The 1H NMR visibility of intracellular lactate in Streptococcus faecalis

Abstract

¹H NMR studies of glycolysis in washed cell suspensions of Streptococcus faecalis indicated that intracellular lactate is not ¹H NMR visible. Evidence for this was gained from time course studies of glycolysis at increasing concentrations of glucose. A close correlation existed between the relative increase in the lactate integral and the enzymatically determined extracellular lactate concentration [Lo]. When ionophores which cause the collapse of the positive intracellular/extracellular lactate gradient were added to cell suspensions following fermentation of 5, 10 and 50 mM glucose, the increase in the lactate integral was proportional to the respective increase in [Lo]. A more direct method for determining the origin of the lactate signal involved centrifugation of a cell suspension after fermentation of 50 mM glucose and measurement of lactate in the extracellular and intracellular fluid. ¹H spectra of the cell suspension, supernatant and sonicated pellet revealed that the lactate observed in the cell suspension was equivalent to the lactate in the supernatant alone.
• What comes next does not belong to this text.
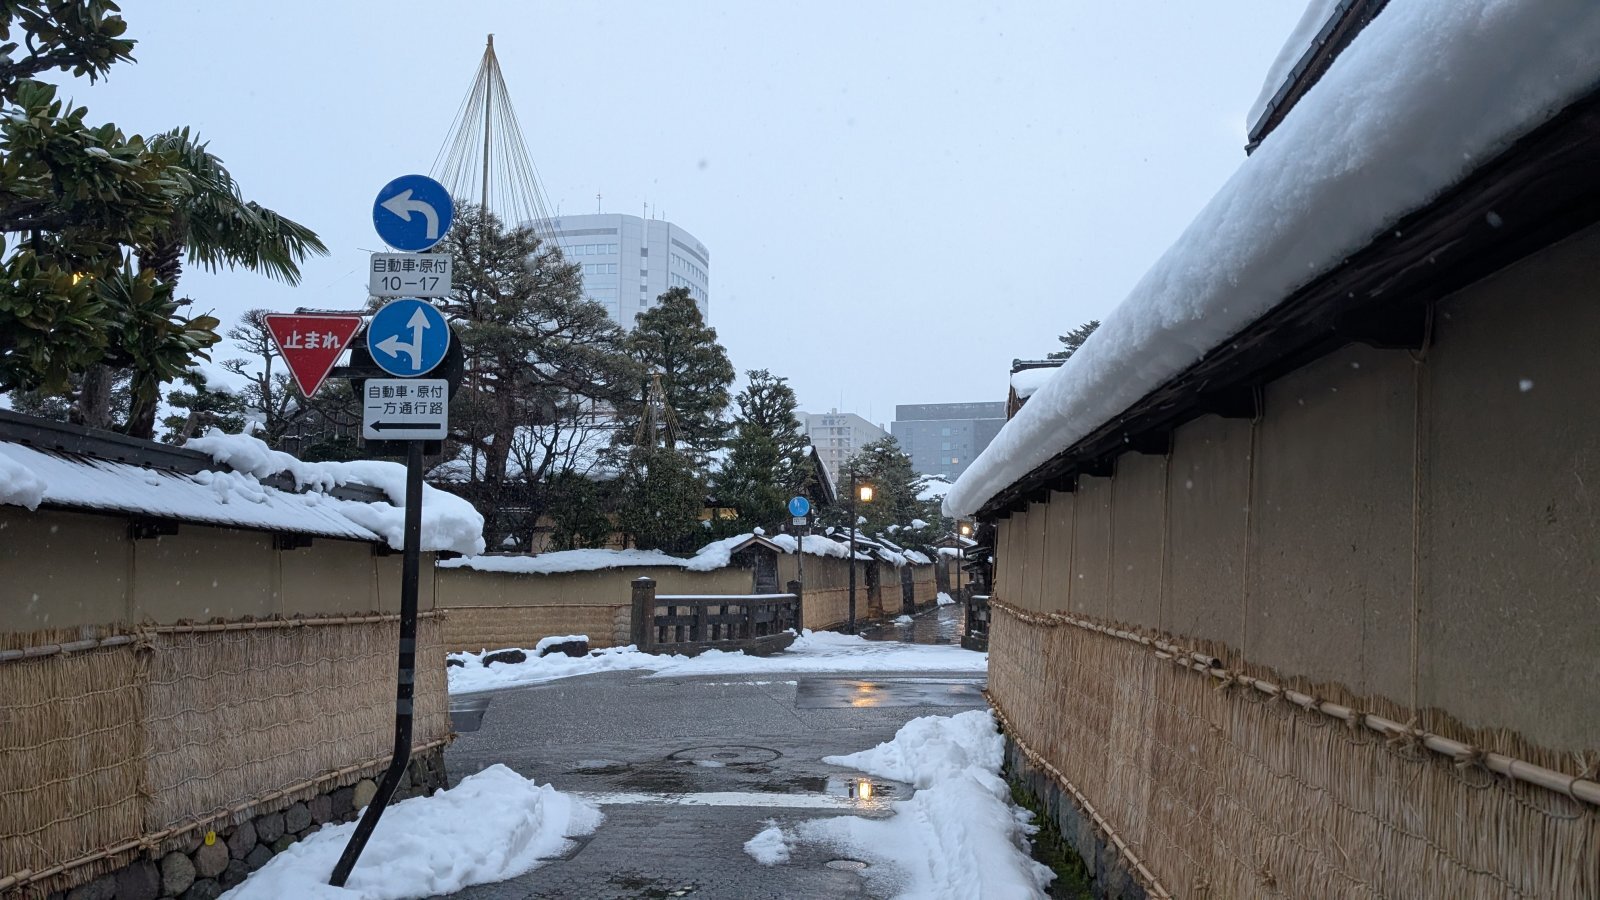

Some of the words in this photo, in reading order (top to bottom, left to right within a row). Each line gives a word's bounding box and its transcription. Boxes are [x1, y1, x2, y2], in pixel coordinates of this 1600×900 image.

The intracellular lactate contained in the pellet represented 42% of the total lactate, indicating that only 58% of lactate is detected by in vivo ¹H MRS of S. faecalis. This result is in contrast with the high percentage (70–90%) of in vitro lactate which is detected by in vivo ¹H MRS of mammalian brain tissue (Williams S. R. et al. Magn. Res. Med. 7, 425–431, 1988). This may be due to a higher proportion of extracellular lactate in mammalian tissue or differences in the intracellular environments of bacterial and mammalian cells.